= Exercise =
In the entries below, find the line containing "this 1700×1132 image.". Copy it and all lines after it, exactly, through the end.

(Records drawn from a dataset)
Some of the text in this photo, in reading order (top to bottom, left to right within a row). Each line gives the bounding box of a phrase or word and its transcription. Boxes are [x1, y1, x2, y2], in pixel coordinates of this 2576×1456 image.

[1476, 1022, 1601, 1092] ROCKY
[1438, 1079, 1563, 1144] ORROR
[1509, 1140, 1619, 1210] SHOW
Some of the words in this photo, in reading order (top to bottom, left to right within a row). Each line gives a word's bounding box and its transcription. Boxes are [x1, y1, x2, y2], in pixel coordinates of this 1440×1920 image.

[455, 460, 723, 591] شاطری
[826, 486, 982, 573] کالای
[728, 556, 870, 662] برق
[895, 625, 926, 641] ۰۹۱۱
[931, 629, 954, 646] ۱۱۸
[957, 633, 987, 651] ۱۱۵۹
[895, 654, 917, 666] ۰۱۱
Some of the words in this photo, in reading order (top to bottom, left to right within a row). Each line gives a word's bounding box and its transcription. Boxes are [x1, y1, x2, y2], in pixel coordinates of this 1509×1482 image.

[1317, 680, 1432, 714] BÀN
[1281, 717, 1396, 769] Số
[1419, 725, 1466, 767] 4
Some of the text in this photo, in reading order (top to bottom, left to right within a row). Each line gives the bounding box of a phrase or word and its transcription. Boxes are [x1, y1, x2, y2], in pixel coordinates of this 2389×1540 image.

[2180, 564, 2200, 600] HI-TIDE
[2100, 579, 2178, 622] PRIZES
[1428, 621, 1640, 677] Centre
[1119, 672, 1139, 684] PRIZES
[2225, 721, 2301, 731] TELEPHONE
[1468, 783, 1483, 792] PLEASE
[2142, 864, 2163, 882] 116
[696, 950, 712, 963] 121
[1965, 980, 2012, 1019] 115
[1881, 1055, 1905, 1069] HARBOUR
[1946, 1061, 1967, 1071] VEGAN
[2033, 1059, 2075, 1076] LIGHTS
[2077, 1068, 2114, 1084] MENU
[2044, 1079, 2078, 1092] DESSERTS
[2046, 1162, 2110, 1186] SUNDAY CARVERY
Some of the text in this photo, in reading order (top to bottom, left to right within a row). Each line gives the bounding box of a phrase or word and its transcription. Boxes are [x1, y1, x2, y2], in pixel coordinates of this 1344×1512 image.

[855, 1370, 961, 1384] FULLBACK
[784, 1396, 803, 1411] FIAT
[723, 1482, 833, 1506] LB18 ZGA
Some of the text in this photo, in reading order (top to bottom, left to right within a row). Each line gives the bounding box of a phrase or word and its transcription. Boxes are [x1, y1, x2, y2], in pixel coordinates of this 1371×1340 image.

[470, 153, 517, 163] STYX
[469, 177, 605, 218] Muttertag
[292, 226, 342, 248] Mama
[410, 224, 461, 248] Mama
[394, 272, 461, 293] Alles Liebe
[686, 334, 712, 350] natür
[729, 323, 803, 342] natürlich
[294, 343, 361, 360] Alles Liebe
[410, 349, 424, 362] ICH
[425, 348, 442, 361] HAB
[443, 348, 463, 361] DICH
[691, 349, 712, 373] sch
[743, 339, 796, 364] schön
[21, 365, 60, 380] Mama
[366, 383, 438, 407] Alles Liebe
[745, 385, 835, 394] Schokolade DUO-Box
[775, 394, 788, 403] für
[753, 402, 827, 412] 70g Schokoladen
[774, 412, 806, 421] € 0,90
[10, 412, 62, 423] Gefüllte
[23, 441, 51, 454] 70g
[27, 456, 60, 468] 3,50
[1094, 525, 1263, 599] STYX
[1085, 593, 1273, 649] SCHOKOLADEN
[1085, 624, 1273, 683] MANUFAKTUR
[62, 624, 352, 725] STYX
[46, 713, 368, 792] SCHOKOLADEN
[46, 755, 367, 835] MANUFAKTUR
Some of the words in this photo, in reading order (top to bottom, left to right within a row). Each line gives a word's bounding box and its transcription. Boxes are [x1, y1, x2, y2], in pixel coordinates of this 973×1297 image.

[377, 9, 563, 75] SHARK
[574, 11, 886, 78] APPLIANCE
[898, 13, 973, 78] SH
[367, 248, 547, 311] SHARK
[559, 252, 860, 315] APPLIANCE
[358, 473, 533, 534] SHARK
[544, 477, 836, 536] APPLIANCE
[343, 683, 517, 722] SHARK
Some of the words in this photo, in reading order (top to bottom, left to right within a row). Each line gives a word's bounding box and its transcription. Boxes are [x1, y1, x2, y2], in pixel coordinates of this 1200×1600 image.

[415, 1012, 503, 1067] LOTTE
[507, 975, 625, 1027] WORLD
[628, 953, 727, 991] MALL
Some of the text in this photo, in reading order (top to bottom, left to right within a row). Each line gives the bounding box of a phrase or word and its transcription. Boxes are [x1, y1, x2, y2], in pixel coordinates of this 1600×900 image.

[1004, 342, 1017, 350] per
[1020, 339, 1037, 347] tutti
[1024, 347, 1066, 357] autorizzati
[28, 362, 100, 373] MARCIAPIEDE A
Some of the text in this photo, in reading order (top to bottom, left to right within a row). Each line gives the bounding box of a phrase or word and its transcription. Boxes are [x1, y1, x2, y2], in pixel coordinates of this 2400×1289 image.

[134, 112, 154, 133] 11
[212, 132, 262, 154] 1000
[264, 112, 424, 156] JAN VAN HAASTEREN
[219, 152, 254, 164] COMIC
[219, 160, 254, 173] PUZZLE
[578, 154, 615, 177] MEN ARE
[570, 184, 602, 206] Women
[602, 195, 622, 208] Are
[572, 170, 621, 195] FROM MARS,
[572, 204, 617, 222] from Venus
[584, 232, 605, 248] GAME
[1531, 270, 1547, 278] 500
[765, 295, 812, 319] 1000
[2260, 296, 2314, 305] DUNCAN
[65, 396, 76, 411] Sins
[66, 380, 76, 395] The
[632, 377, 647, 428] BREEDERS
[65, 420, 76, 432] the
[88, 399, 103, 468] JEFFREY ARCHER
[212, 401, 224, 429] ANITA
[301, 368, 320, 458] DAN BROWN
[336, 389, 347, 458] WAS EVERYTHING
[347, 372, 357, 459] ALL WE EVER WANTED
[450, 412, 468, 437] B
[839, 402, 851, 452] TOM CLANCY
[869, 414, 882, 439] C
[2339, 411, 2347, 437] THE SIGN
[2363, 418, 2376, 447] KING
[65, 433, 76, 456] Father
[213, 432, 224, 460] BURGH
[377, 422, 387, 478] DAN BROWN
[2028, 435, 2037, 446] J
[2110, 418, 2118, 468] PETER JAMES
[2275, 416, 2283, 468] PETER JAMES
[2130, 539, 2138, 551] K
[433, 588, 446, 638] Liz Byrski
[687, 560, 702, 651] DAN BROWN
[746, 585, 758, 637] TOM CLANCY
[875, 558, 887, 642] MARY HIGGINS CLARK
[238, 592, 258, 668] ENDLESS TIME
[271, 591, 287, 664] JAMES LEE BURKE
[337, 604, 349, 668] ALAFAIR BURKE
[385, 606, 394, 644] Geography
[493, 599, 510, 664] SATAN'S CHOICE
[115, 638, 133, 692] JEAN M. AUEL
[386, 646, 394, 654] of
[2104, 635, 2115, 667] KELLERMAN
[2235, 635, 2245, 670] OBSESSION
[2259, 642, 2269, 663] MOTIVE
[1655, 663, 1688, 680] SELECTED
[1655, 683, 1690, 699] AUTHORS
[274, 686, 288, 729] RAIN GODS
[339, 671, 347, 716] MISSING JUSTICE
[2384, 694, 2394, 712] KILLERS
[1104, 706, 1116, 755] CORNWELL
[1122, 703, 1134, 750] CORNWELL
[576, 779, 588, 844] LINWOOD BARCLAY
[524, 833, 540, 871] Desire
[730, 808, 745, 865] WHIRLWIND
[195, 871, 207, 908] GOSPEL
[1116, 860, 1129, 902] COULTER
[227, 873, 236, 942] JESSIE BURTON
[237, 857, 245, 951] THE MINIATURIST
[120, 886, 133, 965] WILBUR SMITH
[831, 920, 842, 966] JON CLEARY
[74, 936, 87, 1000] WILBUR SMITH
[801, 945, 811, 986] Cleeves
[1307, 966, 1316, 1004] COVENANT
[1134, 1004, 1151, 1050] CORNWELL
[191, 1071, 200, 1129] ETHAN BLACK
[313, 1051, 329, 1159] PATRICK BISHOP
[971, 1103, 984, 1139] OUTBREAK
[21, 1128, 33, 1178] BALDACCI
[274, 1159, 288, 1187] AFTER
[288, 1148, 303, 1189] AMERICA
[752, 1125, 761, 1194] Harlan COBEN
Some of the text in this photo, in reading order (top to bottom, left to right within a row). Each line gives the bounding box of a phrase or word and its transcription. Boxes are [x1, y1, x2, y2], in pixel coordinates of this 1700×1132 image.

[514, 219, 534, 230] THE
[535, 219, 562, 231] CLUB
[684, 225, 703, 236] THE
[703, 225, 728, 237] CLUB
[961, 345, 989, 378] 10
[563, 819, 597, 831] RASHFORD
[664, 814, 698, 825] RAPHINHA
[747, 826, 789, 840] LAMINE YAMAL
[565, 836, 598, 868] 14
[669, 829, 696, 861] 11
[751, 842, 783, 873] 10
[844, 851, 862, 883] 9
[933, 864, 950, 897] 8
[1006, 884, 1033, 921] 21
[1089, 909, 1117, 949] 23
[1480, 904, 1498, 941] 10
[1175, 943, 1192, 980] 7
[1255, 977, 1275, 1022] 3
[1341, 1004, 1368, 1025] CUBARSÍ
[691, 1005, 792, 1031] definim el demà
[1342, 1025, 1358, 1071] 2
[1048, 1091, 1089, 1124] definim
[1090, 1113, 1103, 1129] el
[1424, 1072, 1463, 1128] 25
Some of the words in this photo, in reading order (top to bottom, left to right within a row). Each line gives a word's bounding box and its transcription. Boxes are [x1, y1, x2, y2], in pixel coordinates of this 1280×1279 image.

= Response box =
Some of the text in this photo, in reading order (top to bottom, left to right within a row). Each line gives the bounding box of a phrase or word and its transcription. Boxes are [x1, y1, x2, y2], in pixel coordinates of this 1700×1132 image.

[514, 219, 534, 230] THE
[535, 219, 562, 231] CLUB
[684, 225, 703, 236] THE
[703, 225, 728, 237] CLUB
[961, 345, 989, 378] 10
[563, 819, 597, 831] RASHFORD
[664, 814, 698, 825] RAPHINHA
[747, 826, 789, 840] LAMINE YAMAL
[565, 836, 598, 868] 14
[669, 829, 696, 861] 11
[751, 842, 783, 873] 10
[844, 851, 862, 883] 9
[933, 864, 950, 897] 8
[1006, 884, 1033, 921] 21
[1089, 909, 1117, 949] 23
[1480, 904, 1498, 941] 10
[1175, 943, 1192, 980] 7
[1255, 977, 1275, 1022] 3
[1341, 1004, 1368, 1025] CUBARSÍ
[691, 1005, 792, 1031] definim el demà
[1342, 1025, 1358, 1071] 2
[1048, 1091, 1089, 1124] definim
[1090, 1113, 1103, 1129] el
[1424, 1072, 1463, 1128] 25
Some of the words in this photo, in reading order (top to bottom, left to right within a row). Each line gives a word's bounding box and its transcription. Boxes are [x1, y1, x2, y2], in pixel coordinates of this 1280×1279 image.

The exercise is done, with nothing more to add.